◆ **Exercise objective**
Would you reproduce the whole listing below without altering a single word?

◆ **Material for this exercise**
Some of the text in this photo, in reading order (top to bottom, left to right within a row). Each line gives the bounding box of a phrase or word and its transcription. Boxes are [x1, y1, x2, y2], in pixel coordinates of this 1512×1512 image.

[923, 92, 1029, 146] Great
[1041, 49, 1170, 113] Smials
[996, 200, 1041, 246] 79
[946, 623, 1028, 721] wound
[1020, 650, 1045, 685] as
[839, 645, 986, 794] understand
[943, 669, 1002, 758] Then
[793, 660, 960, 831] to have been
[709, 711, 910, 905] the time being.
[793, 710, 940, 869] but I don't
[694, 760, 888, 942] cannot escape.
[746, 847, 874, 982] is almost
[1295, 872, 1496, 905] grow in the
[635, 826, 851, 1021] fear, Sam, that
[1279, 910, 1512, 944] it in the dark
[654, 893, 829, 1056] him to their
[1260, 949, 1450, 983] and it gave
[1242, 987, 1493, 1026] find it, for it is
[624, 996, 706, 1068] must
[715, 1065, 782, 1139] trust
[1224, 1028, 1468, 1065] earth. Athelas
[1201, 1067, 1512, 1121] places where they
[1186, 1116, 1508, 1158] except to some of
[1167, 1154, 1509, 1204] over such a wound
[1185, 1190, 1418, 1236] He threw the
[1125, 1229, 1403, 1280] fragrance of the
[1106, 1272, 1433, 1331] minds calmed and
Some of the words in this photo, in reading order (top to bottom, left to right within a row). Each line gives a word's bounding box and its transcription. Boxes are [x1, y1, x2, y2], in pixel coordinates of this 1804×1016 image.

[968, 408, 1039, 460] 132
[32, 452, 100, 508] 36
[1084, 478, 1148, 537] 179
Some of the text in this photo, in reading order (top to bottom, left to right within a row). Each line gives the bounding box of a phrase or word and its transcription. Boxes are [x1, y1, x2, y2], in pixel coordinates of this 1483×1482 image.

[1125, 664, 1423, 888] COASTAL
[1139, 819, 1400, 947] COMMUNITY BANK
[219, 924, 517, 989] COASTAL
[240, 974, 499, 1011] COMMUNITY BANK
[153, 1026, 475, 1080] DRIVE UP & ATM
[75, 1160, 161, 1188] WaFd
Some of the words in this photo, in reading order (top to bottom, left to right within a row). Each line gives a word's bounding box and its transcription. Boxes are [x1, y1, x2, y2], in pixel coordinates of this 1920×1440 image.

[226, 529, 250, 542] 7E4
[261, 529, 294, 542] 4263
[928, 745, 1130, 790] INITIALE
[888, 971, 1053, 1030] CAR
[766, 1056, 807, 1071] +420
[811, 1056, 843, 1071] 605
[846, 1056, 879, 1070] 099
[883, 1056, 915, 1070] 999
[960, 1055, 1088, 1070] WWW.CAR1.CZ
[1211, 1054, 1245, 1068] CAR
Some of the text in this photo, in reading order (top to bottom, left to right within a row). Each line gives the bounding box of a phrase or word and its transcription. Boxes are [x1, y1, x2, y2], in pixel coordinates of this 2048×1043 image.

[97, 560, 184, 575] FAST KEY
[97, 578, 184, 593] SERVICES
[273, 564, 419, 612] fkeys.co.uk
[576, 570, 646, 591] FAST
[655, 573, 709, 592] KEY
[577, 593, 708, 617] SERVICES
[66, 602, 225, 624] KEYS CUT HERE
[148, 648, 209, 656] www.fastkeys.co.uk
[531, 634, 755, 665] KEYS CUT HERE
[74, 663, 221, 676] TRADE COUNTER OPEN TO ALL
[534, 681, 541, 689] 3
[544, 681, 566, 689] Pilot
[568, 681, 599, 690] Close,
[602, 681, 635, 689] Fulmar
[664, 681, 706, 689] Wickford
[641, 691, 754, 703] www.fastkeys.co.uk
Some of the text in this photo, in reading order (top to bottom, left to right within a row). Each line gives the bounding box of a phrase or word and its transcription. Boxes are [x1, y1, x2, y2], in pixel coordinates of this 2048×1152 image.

◆ **Response to the exercise**
Some of the text in this photo, in reading order (top to bottom, left to right within a row). Each line gives the bounding box of a phrase or word and its transcription. Boxes are [x1, y1, x2, y2], in pixel coordinates of this 1512×1512 image.

[923, 92, 1029, 146] Great
[1041, 49, 1170, 113] Smials
[996, 200, 1041, 246] 79
[946, 623, 1028, 721] wound
[1020, 650, 1045, 685] as
[839, 645, 986, 794] understand
[943, 669, 1002, 758] Then
[793, 660, 960, 831] to have been
[709, 711, 910, 905] the time being.
[793, 710, 940, 869] but I don't
[694, 760, 888, 942] cannot escape.
[746, 847, 874, 982] is almost
[1295, 872, 1496, 905] grow in the
[635, 826, 851, 1021] fear, Sam, that
[1279, 910, 1512, 944] it in the dark
[654, 893, 829, 1056] him to their
[1260, 949, 1450, 983] and it gave
[1242, 987, 1493, 1026] find it, for it is
[624, 996, 706, 1068] must
[715, 1065, 782, 1139] trust
[1224, 1028, 1468, 1065] earth. Athelas
[1201, 1067, 1512, 1121] places where they
[1186, 1116, 1508, 1158] except to some of
[1167, 1154, 1509, 1204] over such a wound
[1185, 1190, 1418, 1236] He threw the
[1125, 1229, 1403, 1280] fragrance of the
[1106, 1272, 1433, 1331] minds calmed and
Some of the words in this photo, in reading order (top to bottom, left to right within a row). Each line gives a word's bounding box and its transcription. Boxes are [x1, y1, x2, y2], in pixel coordinates of this 1804×1016 image.

[968, 408, 1039, 460] 132
[32, 452, 100, 508] 36
[1084, 478, 1148, 537] 179
Some of the text in this photo, in reading order (top to bottom, left to right within a row). Each line gives the bounding box of a phrase or word and its transcription. Boxes are [x1, y1, x2, y2], in pixel coordinates of this 1483×1482 image.

[1125, 664, 1423, 888] COASTAL
[1139, 819, 1400, 947] COMMUNITY BANK
[219, 924, 517, 989] COASTAL
[240, 974, 499, 1011] COMMUNITY BANK
[153, 1026, 475, 1080] DRIVE UP & ATM
[75, 1160, 161, 1188] WaFd
Some of the words in this photo, in reading order (top to bottom, left to right within a row). Each line gives a word's bounding box and its transcription. Boxes are [x1, y1, x2, y2], in pixel coordinates of this 1920×1440 image.

[226, 529, 250, 542] 7E4
[261, 529, 294, 542] 4263
[928, 745, 1130, 790] INITIALE
[888, 971, 1053, 1030] CAR
[766, 1056, 807, 1071] +420
[811, 1056, 843, 1071] 605
[846, 1056, 879, 1070] 099
[883, 1056, 915, 1070] 999
[960, 1055, 1088, 1070] WWW.CAR1.CZ
[1211, 1054, 1245, 1068] CAR
Some of the text in this photo, in reading order (top to bottom, left to right within a row). Each line gives the bounding box of a phrase or word and its transcription. Boxes are [x1, y1, x2, y2], in pixel coordinates of this 2048×1043 image.

[97, 560, 184, 575] FAST KEY
[97, 578, 184, 593] SERVICES
[273, 564, 419, 612] fkeys.co.uk
[576, 570, 646, 591] FAST
[655, 573, 709, 592] KEY
[577, 593, 708, 617] SERVICES
[66, 602, 225, 624] KEYS CUT HERE
[148, 648, 209, 656] www.fastkeys.co.uk
[531, 634, 755, 665] KEYS CUT HERE
[74, 663, 221, 676] TRADE COUNTER OPEN TO ALL
[534, 681, 541, 689] 3
[544, 681, 566, 689] Pilot
[568, 681, 599, 690] Close,
[602, 681, 635, 689] Fulmar
[664, 681, 706, 689] Wickford
[641, 691, 754, 703] www.fastkeys.co.uk
Some of the text in this photo, in reading order (top to bottom, left to right within a row). Each line gives the bounding box of a phrase or word and its transcription. Boxes are [x1, y1, x2, y2], in pixel coordinates of this 2048×1152 image.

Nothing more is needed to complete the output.